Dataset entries
++++++

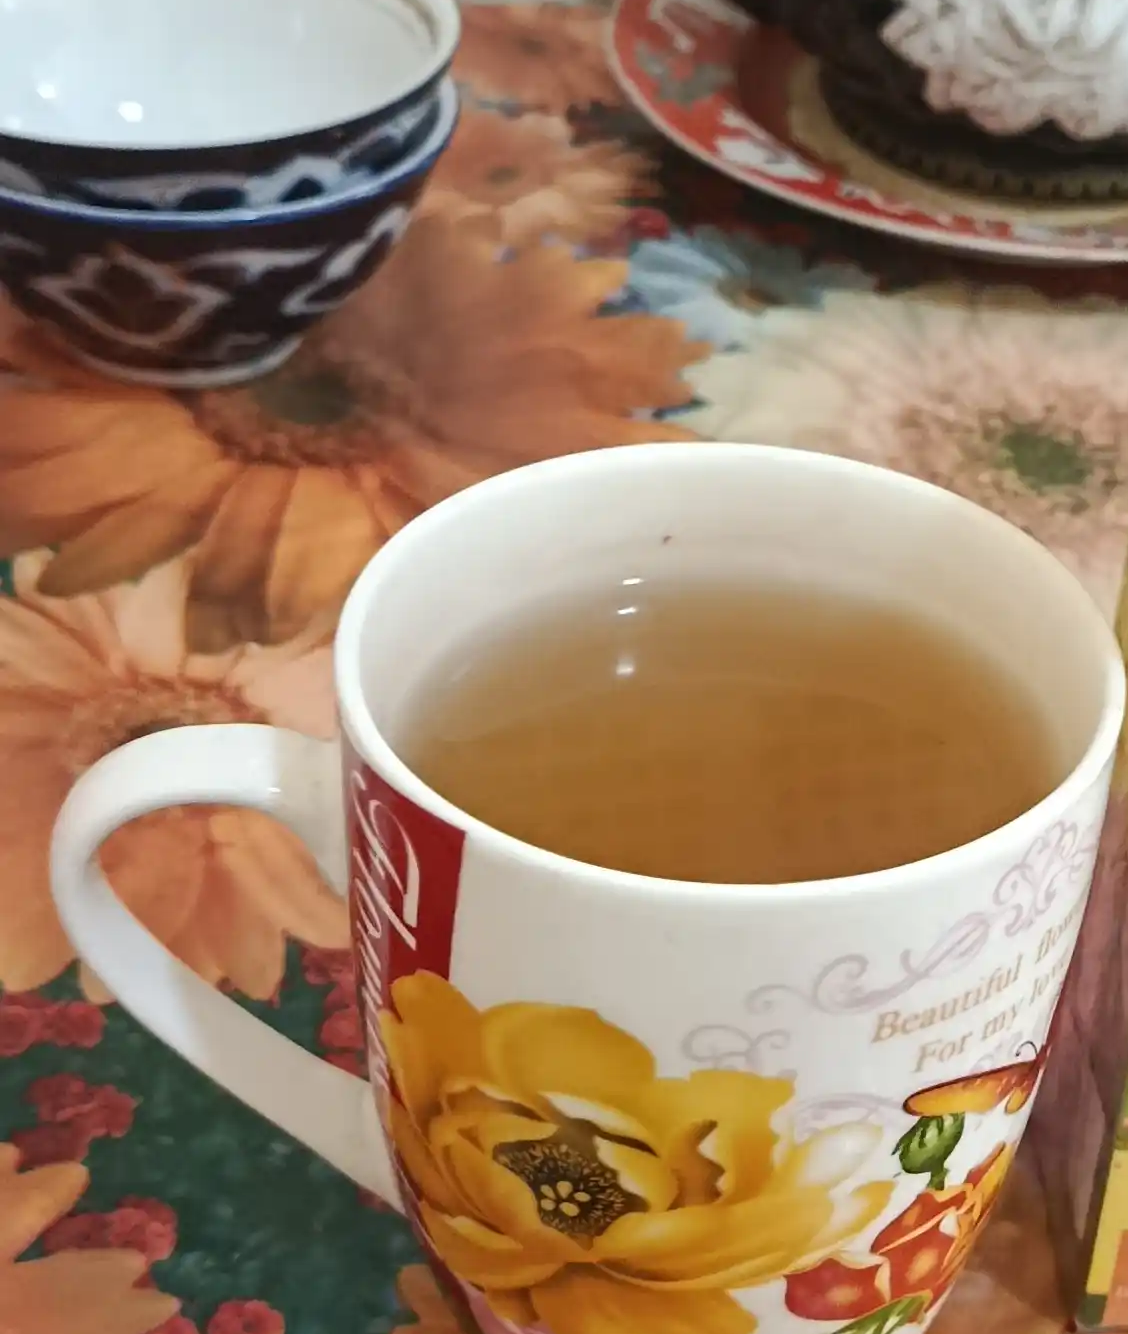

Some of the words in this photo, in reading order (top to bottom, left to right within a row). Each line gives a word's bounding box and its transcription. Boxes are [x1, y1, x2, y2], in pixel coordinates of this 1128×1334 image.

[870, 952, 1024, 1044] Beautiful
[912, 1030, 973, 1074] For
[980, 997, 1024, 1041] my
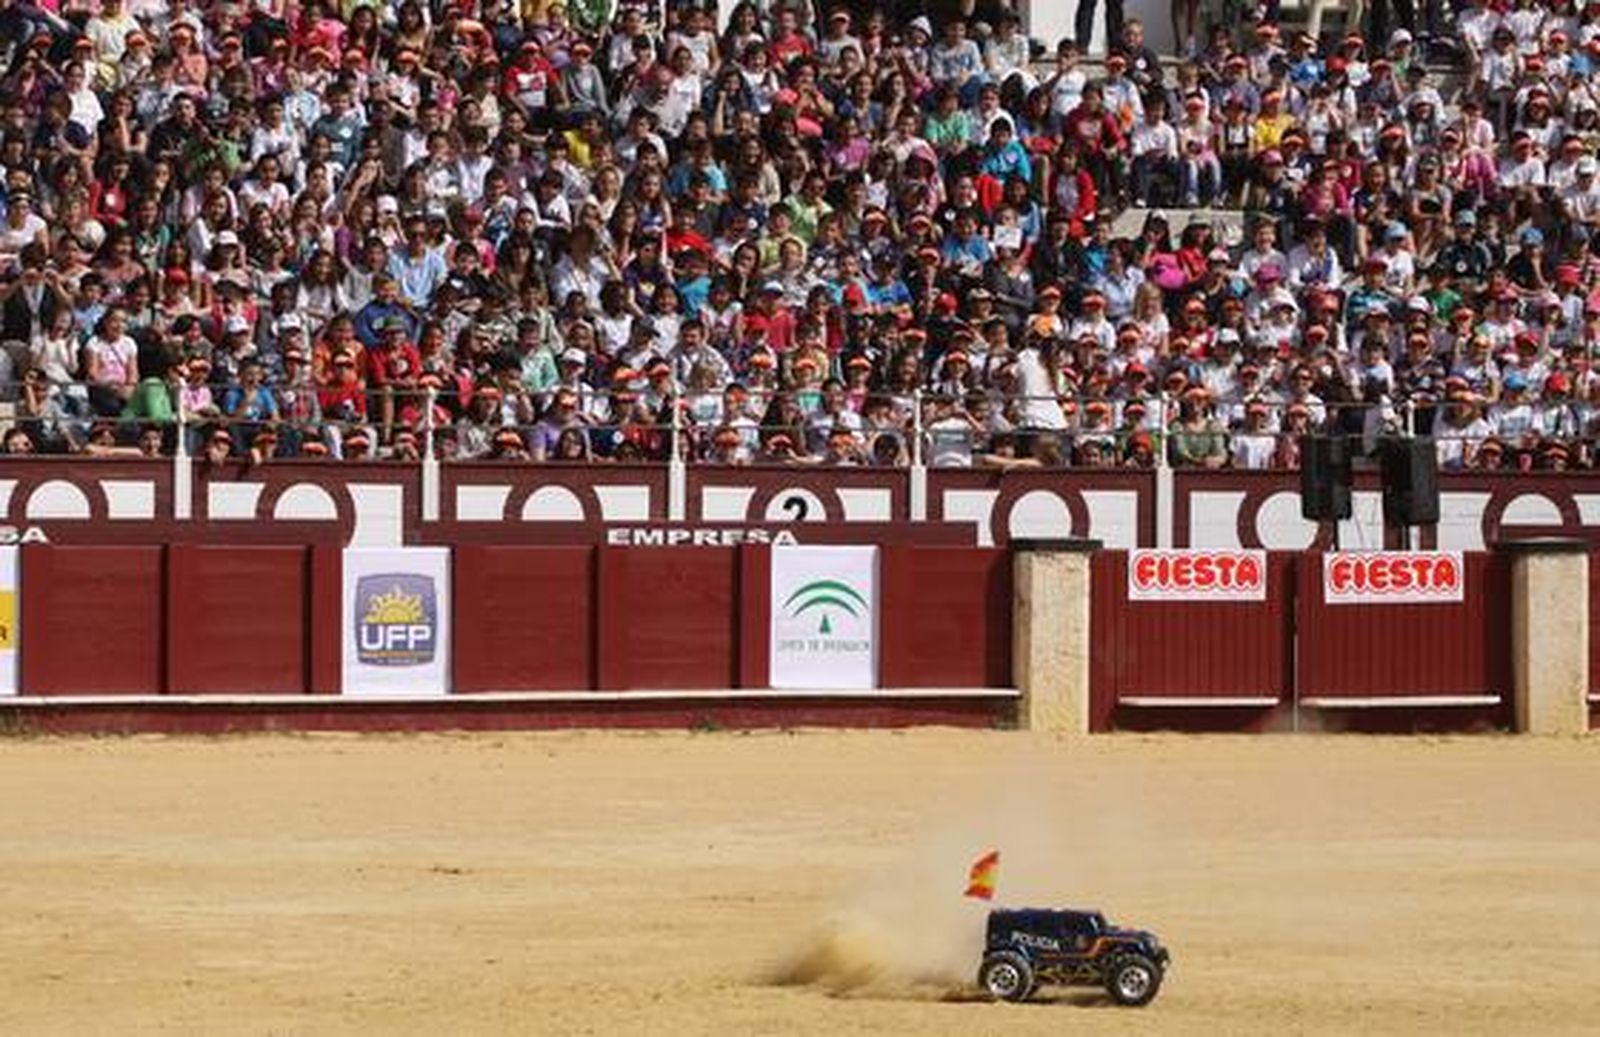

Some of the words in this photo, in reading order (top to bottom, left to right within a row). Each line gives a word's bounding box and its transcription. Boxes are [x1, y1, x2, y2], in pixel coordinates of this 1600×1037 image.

++++++

— Required work —
Reproduce every record verbatim, please. Omit the images.

— Exercise result —
Some of the words in this photo, in reading order (top to bottom, left to right within a row). Each line gives a word's bounding box and its transcription. Boxes are [x1, y1, x2, y2], in pixel coordinates of this 1128×1334 image.

[870, 952, 1024, 1044] Beautiful
[912, 1030, 973, 1074] For
[980, 997, 1024, 1041] my

Some of the words in this photo, in reading order (top to bottom, left to right within a row). Each line gives a word's bounding box and its transcription. Boxes are [x1, y1, x2, y2], in pixel coordinates of this 1600×1037 image.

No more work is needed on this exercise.